World Bank warns on emerging markets

exblBy Chris Giles in London

Published: June 22 2009 04:30 | Last updated: June 22 2009 04:30

Leading developed nations are misguided in focusing efforts on restoring demand in their own economies, the World Bank will say on Monday.

This is because emerging markets – suffering a severe shortage of foreign funds – are fundamental for a return to global growth.

In its annual Global Development Finance report, the World Bank expects private capital flows to developing countries to fall almost three-quarters this year to $363bn (€260bn, £220bn) from a $1,200bn peak in 2007.

The drop in credit flows will undermine investment in emerging and developing economies, it says, with a consequent hit on rich country exports of capital-intensive goods – one of the sectors hardest hit in the global recession.

Japan, Germany and South Korea, the wealthy nations suffering the worst drops in output, specialised in exports of investment goods, which have been struck low by a lack of appetite for investment in poorer countries and the postponement of purchases of durable goods.

The report welcomes signs of improving global equity, bond and interbank markets but says the stark reduction of private capital flows to poorer nations will lead to lower investment and slower emerging market and global growth in the medium term.

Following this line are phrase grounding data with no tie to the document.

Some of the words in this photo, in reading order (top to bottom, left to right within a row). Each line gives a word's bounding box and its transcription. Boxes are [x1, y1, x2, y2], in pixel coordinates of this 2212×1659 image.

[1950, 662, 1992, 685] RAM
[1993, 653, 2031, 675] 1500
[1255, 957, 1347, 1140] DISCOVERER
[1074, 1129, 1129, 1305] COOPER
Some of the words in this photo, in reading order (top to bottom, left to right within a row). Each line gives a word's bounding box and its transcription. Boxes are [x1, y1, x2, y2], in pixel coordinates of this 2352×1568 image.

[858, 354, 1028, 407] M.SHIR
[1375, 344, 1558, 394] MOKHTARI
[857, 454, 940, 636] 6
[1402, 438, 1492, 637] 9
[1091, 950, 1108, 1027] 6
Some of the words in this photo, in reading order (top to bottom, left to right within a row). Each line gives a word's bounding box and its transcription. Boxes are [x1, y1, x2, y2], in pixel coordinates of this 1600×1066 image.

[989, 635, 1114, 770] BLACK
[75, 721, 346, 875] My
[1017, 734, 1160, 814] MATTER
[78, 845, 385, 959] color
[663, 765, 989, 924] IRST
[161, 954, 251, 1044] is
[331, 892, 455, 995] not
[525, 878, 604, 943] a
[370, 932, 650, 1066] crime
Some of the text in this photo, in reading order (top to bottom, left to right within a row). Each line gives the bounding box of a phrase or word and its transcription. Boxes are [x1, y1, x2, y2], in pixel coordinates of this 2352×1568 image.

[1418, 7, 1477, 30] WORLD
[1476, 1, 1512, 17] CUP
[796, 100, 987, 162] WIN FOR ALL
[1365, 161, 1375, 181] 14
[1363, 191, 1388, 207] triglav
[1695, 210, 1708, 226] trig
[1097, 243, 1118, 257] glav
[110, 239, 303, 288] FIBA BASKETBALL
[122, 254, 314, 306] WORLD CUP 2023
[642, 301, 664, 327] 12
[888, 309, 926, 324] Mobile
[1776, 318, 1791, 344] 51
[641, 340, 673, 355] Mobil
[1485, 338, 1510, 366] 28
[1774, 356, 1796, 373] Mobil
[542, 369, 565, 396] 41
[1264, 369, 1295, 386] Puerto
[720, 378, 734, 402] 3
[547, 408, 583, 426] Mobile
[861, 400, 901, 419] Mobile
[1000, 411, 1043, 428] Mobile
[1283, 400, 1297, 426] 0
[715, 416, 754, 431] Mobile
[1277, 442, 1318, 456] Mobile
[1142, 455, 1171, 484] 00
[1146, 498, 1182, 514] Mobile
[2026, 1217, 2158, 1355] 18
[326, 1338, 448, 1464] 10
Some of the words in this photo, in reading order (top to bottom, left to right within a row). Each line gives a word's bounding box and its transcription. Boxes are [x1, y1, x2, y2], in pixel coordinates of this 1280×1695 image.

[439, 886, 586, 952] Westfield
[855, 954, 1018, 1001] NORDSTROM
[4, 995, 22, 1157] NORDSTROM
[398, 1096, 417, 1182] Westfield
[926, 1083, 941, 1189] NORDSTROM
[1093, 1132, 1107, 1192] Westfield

As a result, the authors warn rich countries against putting pressure on their big banks to curtail lending to poorer countries.

“It is a very, very short-sighted policy,” Hans Timmer, of the World Bank’s prospects group, told the Financial Times.

“There is self-interest in protecting emerging and developing markets.”

So far, leaders of wealthy countries have decried financial protectionism, while pressing their own banks to refrain from risky foreign lending.

The bank frets that too little effort is being given to ensuring emerging and developing economies return to normal growth rates after being struck down by the crisis of confidence following Lehman Brothers’ collapse in September.

Within emerging markets, the main focus should be on preventing the financial crisis fully engulfing central and east Europe, the report says. These countries are vulnerable because their current-account deficits increase reliance on foreign flows of private capital.

In poorer developing counties, the concern is that, through no fault of their own, recent years of rising incomes will end – with the risk of a backlash and a return to the inward-looking domestic policies so damaging to prosperity.

The World Bank estimates that the destruction of private capital flows alongside current-account deficits and the need to refinance maturing debt will leave emerging and developing countries short of up to $635bn.

This funding gap will need to come from official sources, such as foreign aid, or foreign exchange reserves in countries with large stockpiles, such as Russia. If it is absent, growth prospects in poor, and consequently richer, economies will be at risk.